Ask any conference producer what keeps them up at night and "speakers running over" will be near the top. One talk slipping ten minutes pushes everything back: the break shrinks, the sponsor session gets squeezed, the catering arrives to an empty room. So why does it keep happening — and what actually fixes it?
Why speakers overrun
It's rarely arrogance. The usual causes are simple:
- They can't see the time. A clock on the back wall is easy to ignore; a wristwatch is awkward to check mid-sentence.
- They don't know when "now" is. Speakers lose track of how long they've been on. Without a visible countdown they genuinely don't realise they're over.
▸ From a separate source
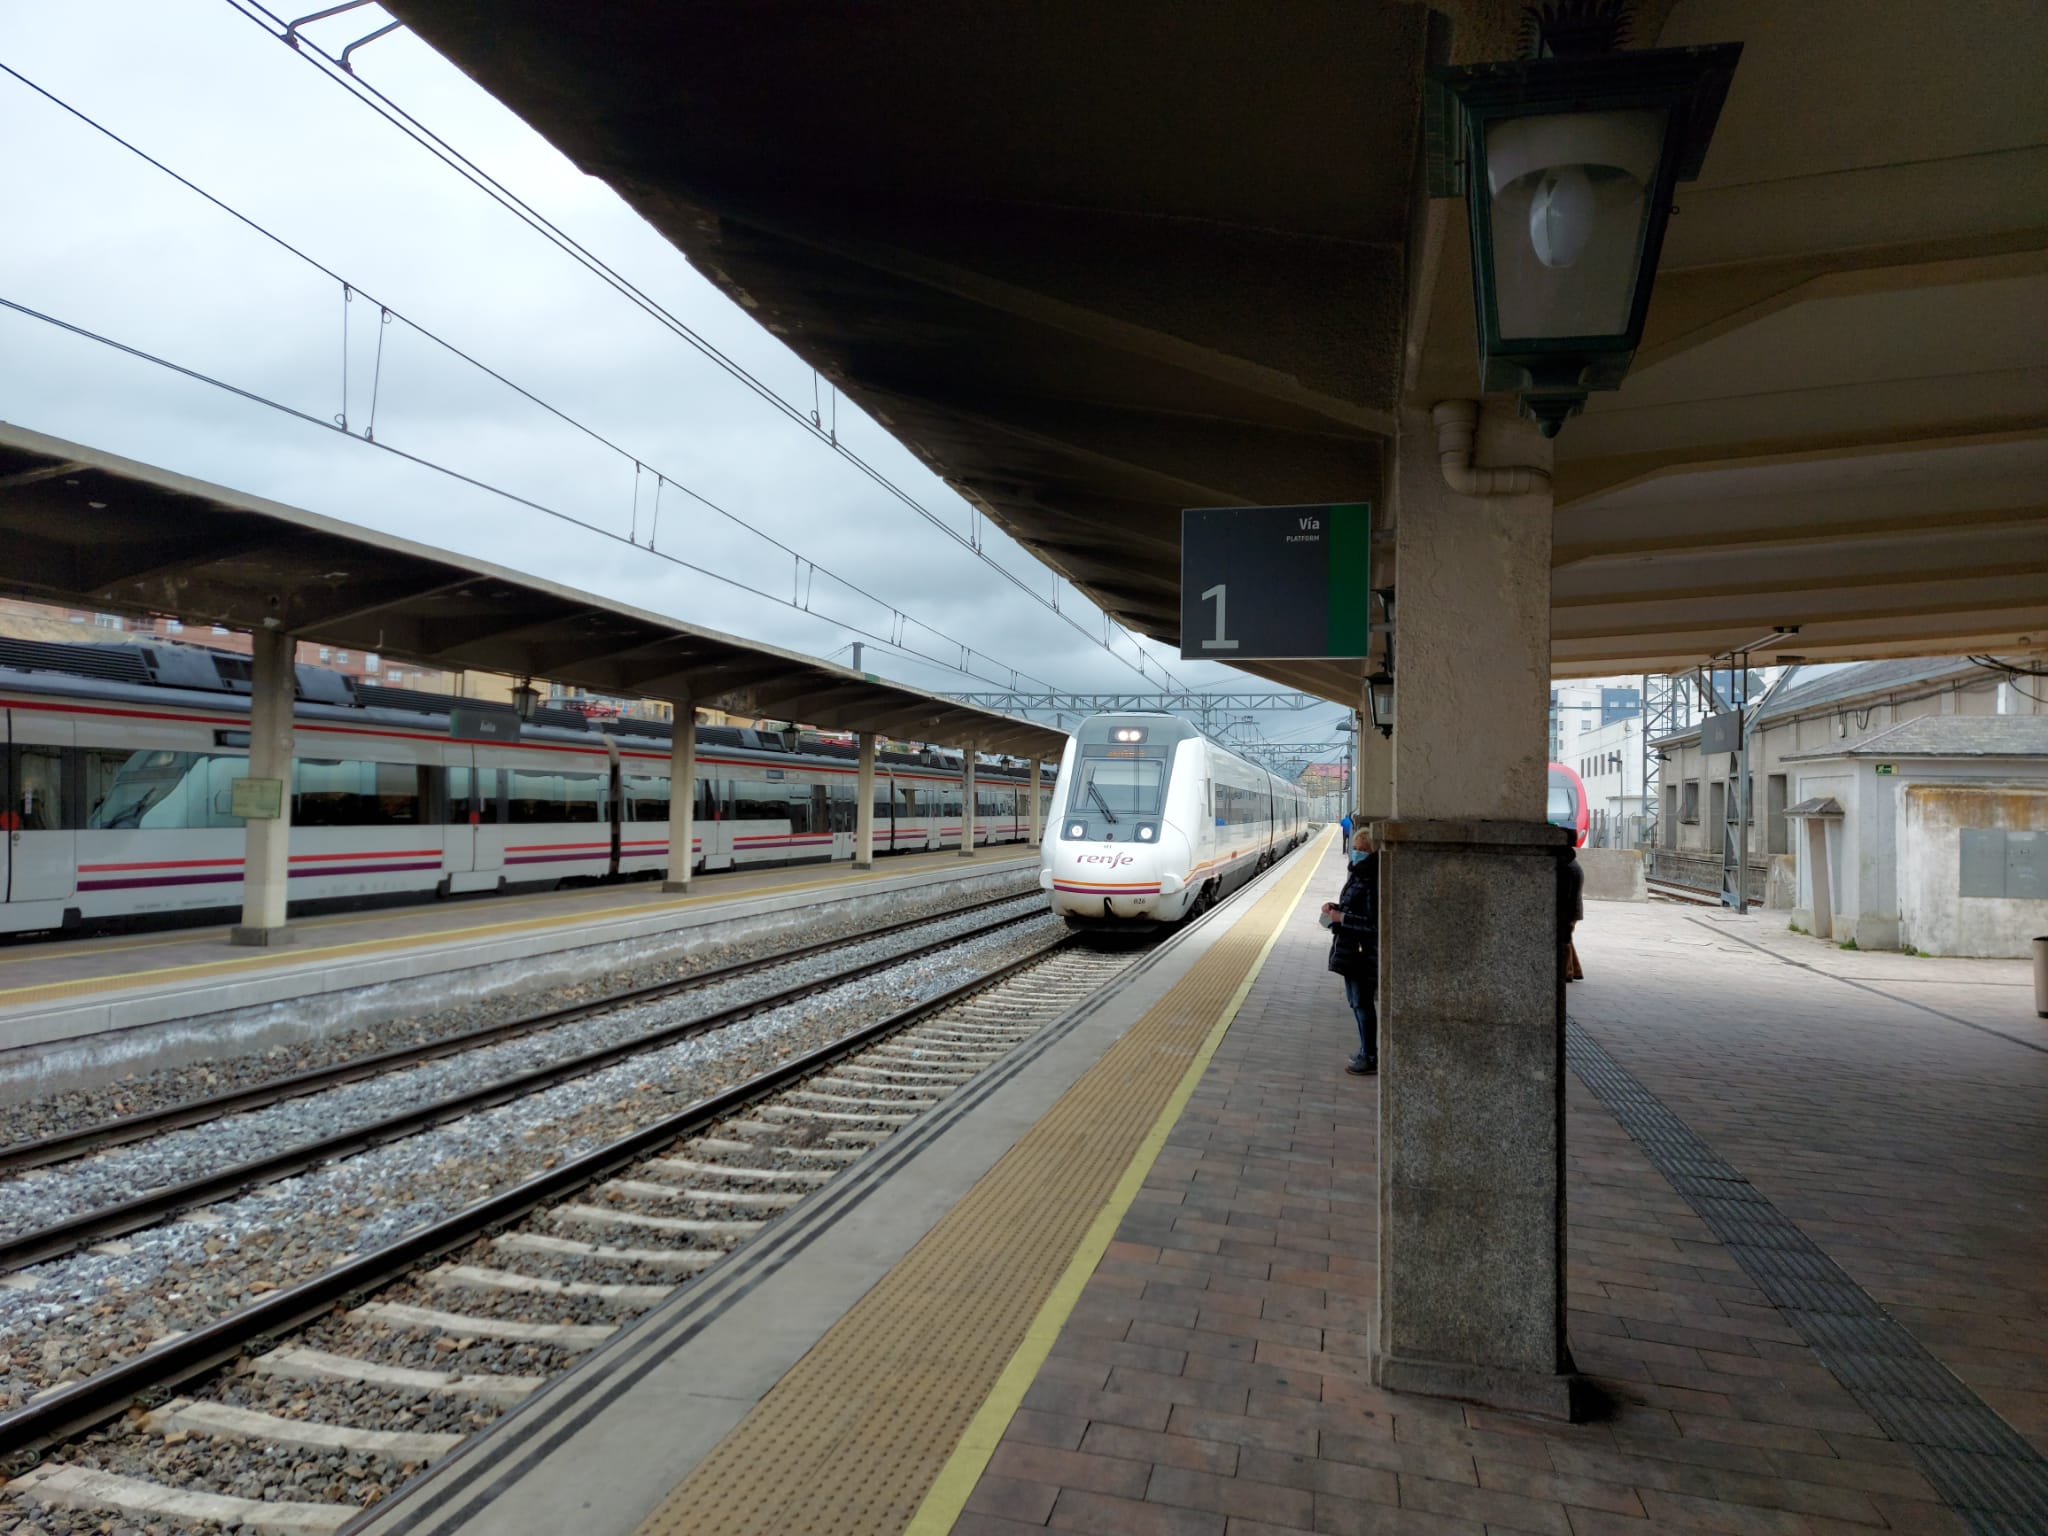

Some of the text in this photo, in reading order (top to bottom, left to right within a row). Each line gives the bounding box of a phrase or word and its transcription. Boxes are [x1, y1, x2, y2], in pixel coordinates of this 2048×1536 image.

[1298, 516, 1320, 530] Vía
[1201, 583, 1239, 649] 1
[1076, 851, 1134, 869] renfe
- The warning comes too late. A stage manager stepping into view at zero minutes is too late to do anything useful.
- Mixed signals. Hand gestures from the back of a dark room are easy to misread or miss entirely.
Give them a number they can't miss
The most effective tool is a large, glanceable countdown on a confidence monitor at the front of the stage. Not a clock — a countdown of their remaining time. When it turns amber at, say, five minutes and red at zero, speakers self-correct without anyone intervening. They can see exactly how long they have and pace themselves to it.
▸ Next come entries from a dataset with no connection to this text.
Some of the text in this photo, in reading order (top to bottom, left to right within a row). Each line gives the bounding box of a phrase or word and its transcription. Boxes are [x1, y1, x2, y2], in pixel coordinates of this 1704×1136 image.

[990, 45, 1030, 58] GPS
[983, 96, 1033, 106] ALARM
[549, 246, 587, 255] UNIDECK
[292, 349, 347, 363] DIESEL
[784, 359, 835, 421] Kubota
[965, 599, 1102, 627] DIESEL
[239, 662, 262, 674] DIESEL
Escalate with cues, not interruptions
For the speaker who still drifts, a discreet cue message — "WRAP UP", "2 MINUTES", "QUESTIONS" — pushed to the same screen does the work of a stage manager without breaking the room's focus. It's firm, clear, and impossible to misread. Crucially it's on the speaker's screen, so the audience never sees the nudge.
Plan the time before the show
Overruns also start in the running order. If you've allocated 20 minutes to a talk that needs 30, the timer just tells you you're failing. Build a realistic running order with planned durations, brief your speakers on them, and let the system auto-load each segment's time as you advance. A smart timing engine then shows your projected finish so you can course-correct early — skip a segment, trim a break — rather than discovering at the end that you're half an hour late.
The payoff
Get this right and the change is immediate: breaks happen on time, sponsors get their full slot, and the day ends when the schedule said it would. None of it requires nagging anyone — just the right number in front of the person who needs it.